Numba also works on [CUDA](https://developer.nvidia.com/how-to-cuda-python) GPUs using [`@vectorize`](https://numba.pydata.org/numba-doc/latest/user/vectorize.html) or [`@cuda.jit`](https://numba.readthedocs.io/en/stable/cuda/kernels.html).

This is suitable for bigger data sizes (> 1 MB) and high compute intensities.

This adds additional overhead due to moving data to and from GPUs ([memory management](https://numba.pydata.org/numba-doc/dev/cuda/memory.html)).

Similar to our examples in the compiler lesson, we need to specify the types and target in the signature (i.e., the decorator arguments).

Here, the types are specificed slightly differently i.e. output types(input types).

*Note, not all NumPy code will work on the GPU ([supported](https://numba.pydata.org/numba-doc/latest/reference/numpysupported.html)). In the following example, we will need to use the `math` library instead.*

For example:

In [101]:
import math
from numba import vectorize, float32

In [66]:
x = np.arange(1.e7, dtype=np.float32)

In [65]:
@vectorize(['float32(float32)'], target='cuda')
def my_serial_function_for_gpu(x):
    return math.cos(x) ** 2 + math.sin(x) ** 2

In [81]:
# %%timeit
# my_serial_function_for_gpu(x)

Numba also supports generalized ufuncs (covered in the compiler lesson) on the GPU using [`guvectorize`](http://numba.pydata.org/numba-doc/latest/cuda/ufunc.html#generalized-cuda-ufuncs).

### Custom CUDA kernels

Kernel functions are GPU functions called from CPU code.
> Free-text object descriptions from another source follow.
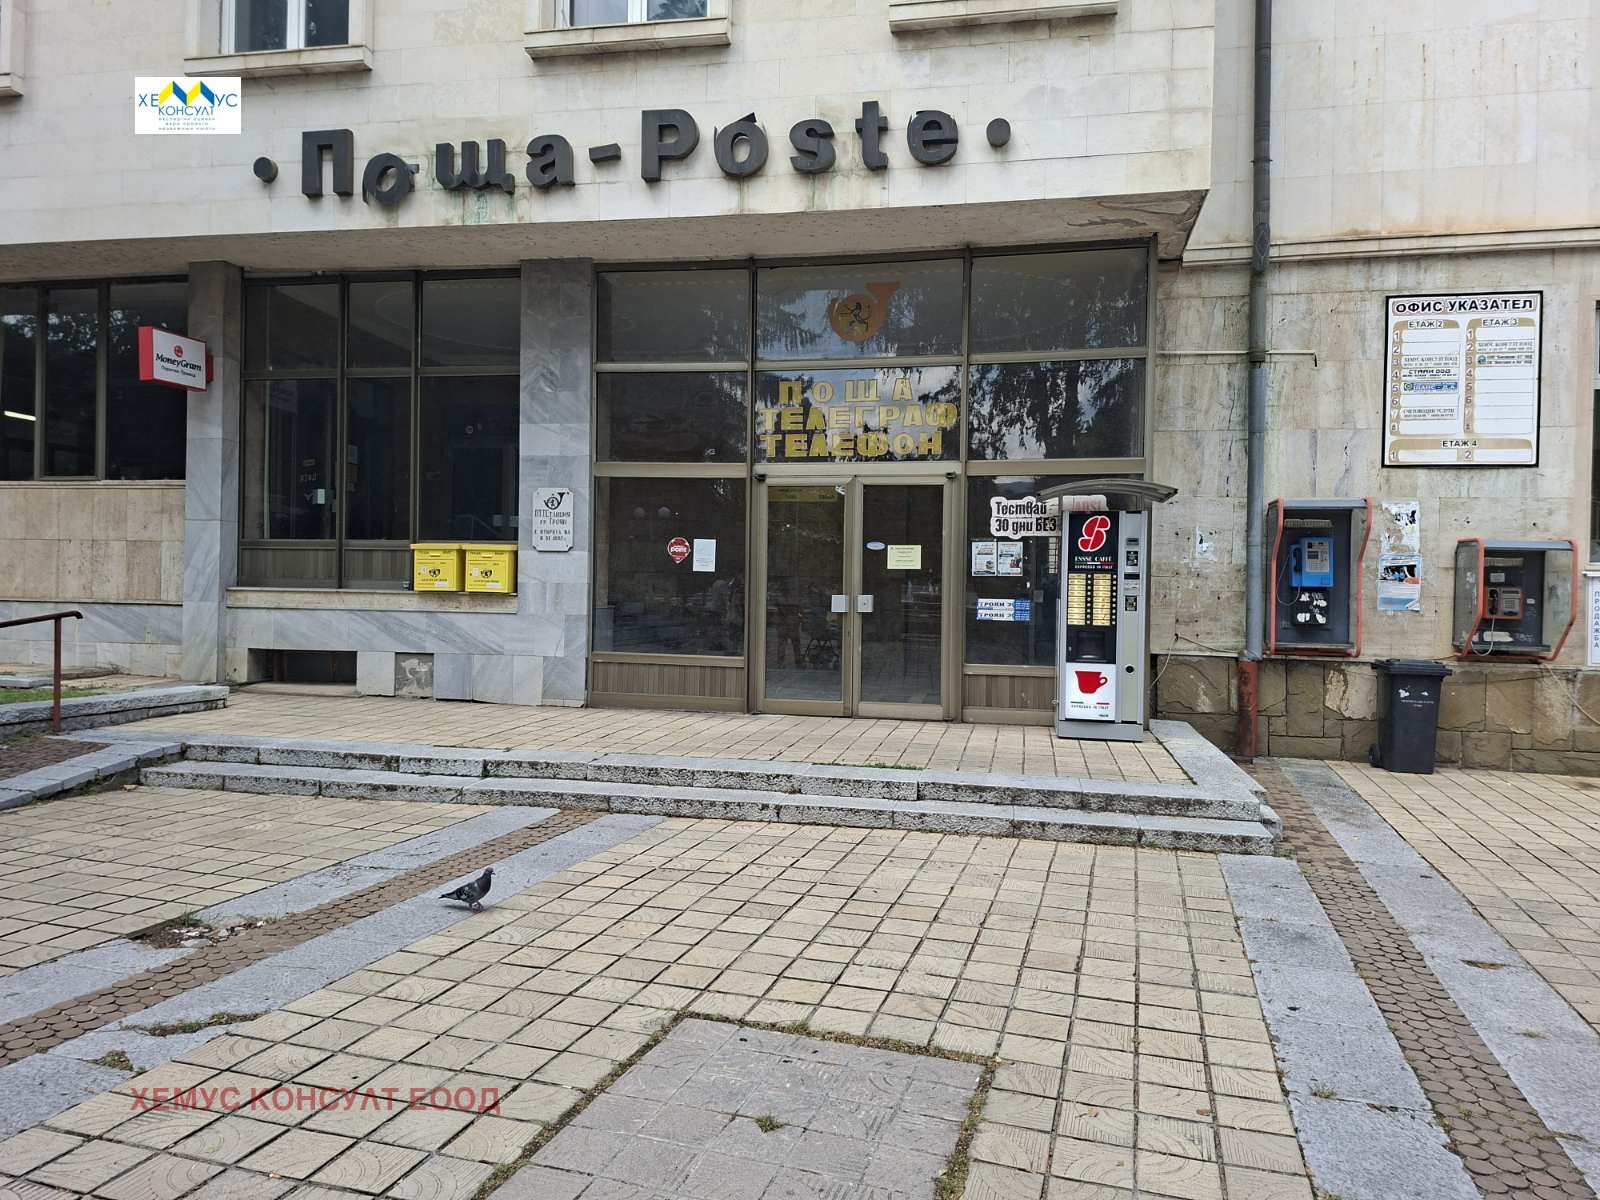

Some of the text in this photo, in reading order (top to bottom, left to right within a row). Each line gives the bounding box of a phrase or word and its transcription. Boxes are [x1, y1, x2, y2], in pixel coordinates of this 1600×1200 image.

[1395, 299, 1533, 313] ОФИС УКАЗАТЕЛ
[1408, 320, 1443, 329] ЕТАЖ 2
[1482, 318, 1518, 327] ЕТАЖ 3
[155, 353, 202, 372] MoneyGram
[778, 378, 914, 405] ПОЩА
[757, 402, 958, 432] ТЕЛЕГРАФ
[759, 430, 943, 458] ТЕЛЕФОН
[1442, 440, 1469, 448] ЕТАЖ
[995, 500, 1047, 517] Тествай
[995, 517, 1057, 535] 30 дни БЕЗ
Kernels cannot explicitly return a value. Instead, all result data must be written to an array passed to the function (e.g., called `out`). This array can then be transferred back.

Kernels work over a grid of threads. This grid needs to be defined in terms of the number of blocks in the grid and the number of threads per block. The indices of this grid are used to add values to the `out` array. The indices can be found using `cuda.grid(1)` for a 1D grid.
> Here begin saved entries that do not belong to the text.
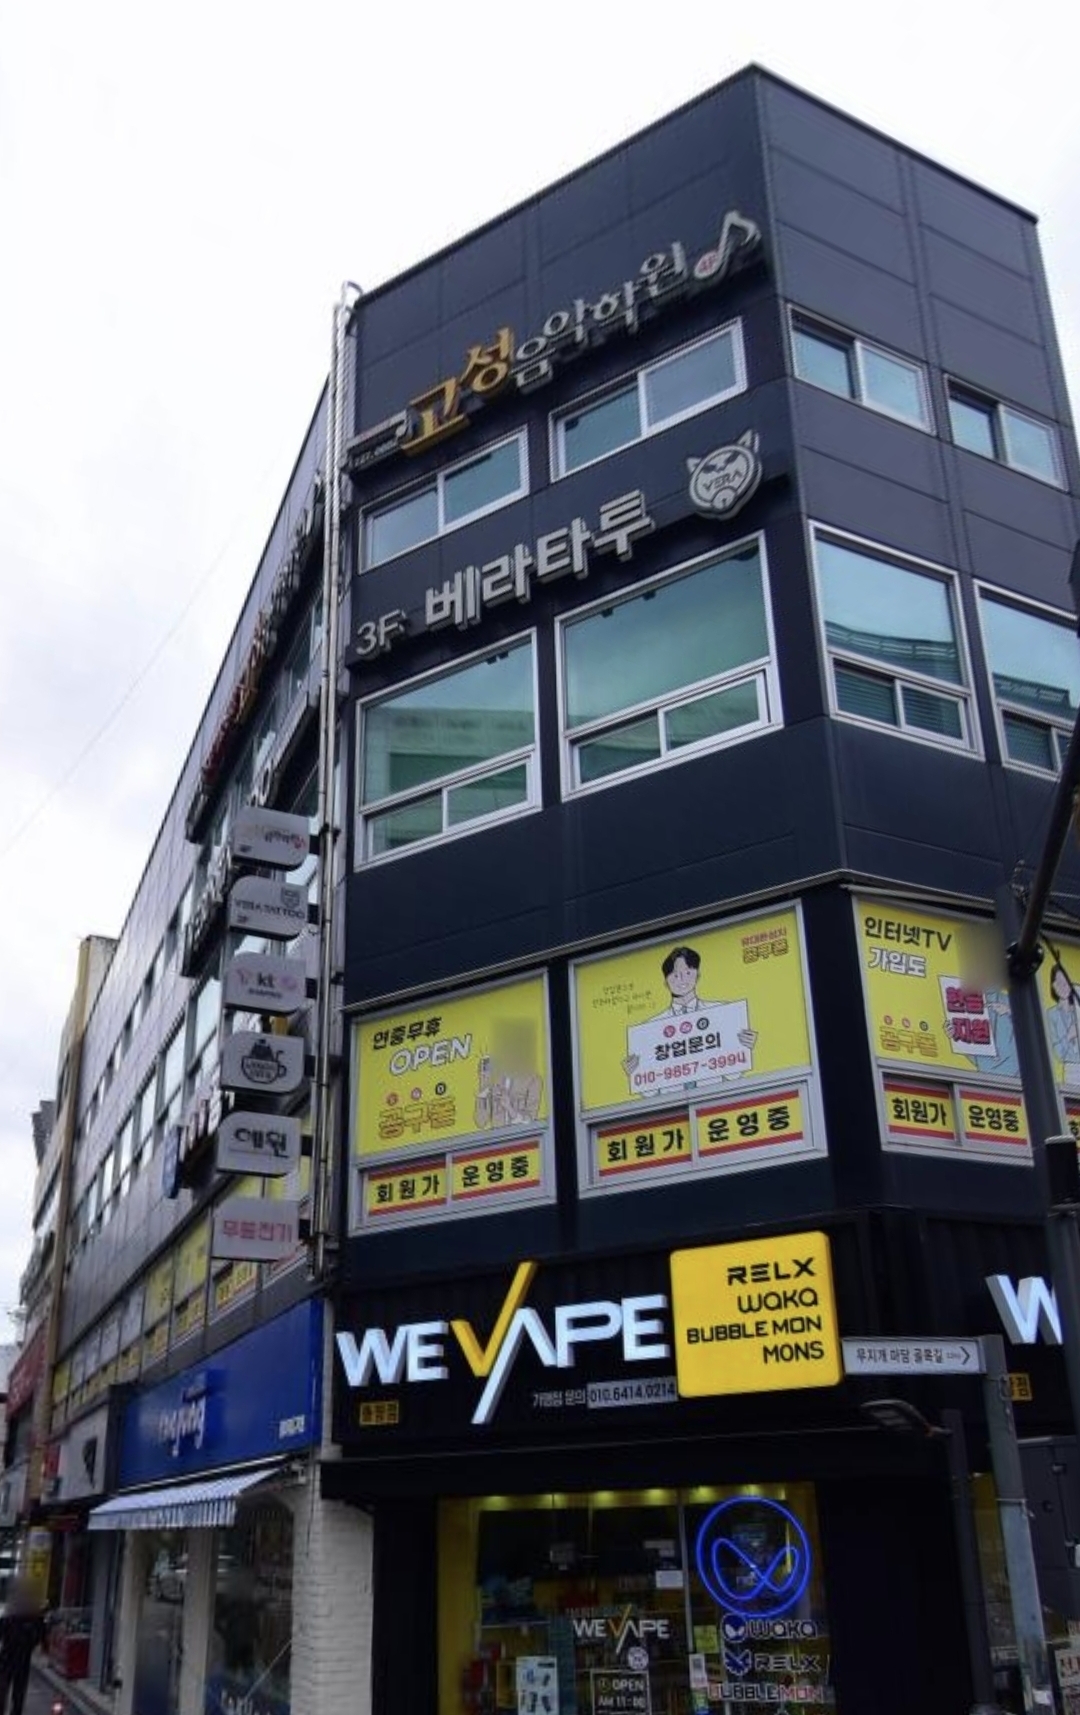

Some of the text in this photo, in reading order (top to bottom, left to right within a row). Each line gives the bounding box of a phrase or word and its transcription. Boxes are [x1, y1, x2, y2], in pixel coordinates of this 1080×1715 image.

[402, 241, 689, 457] 고성음악학원
[702, 469, 743, 492] VERA
[357, 488, 656, 656] 3F 베라타투
[864, 915, 952, 951] 인터넷TV
[867, 946, 928, 978] 가입도
[257, 971, 275, 988] kt
[373, 1016, 443, 1050] 연중무휴
[950, 1016, 991, 1045] 지원
[388, 1033, 473, 1076] OPEN
[654, 1031, 722, 1062] 창업문의
[633, 1051, 747, 1087] 010-9857-3994
[891, 1096, 1020, 1133] 회원가 운영중
[606, 1105, 791, 1162] 회원가 운영중
[376, 1156, 530, 1204] 회원가 운영중
[726, 1256, 816, 1287] RELX
[686, 1319, 769, 1344] BUBBLE
[762, 1339, 825, 1365] MONS
[889, 1347, 910, 1364] 마당
[754, 1652, 823, 1674] RELX
[611, 1677, 645, 1692] OPEN
CUDA kernels are compiled using the `numba.cuda.jit` decorator.

*Note, `numba.cuda.jit` is different to `numba.jit`, which is for CPUs.*

In [82]:
# from numba import cuda

In [83]:
# print(cuda.gpus)

This should return a message similar to: <Managed Device 0>.

You can also run the bash command `nvidia-smi` within the IPython cell:

In [84]:
# !nvidia-smi

This returns something like the table below. This shows we have access to a [NVIDIA Tesla T4 GPU](https://www.nvidia.com/en-gb/data-center/tesla-t4/).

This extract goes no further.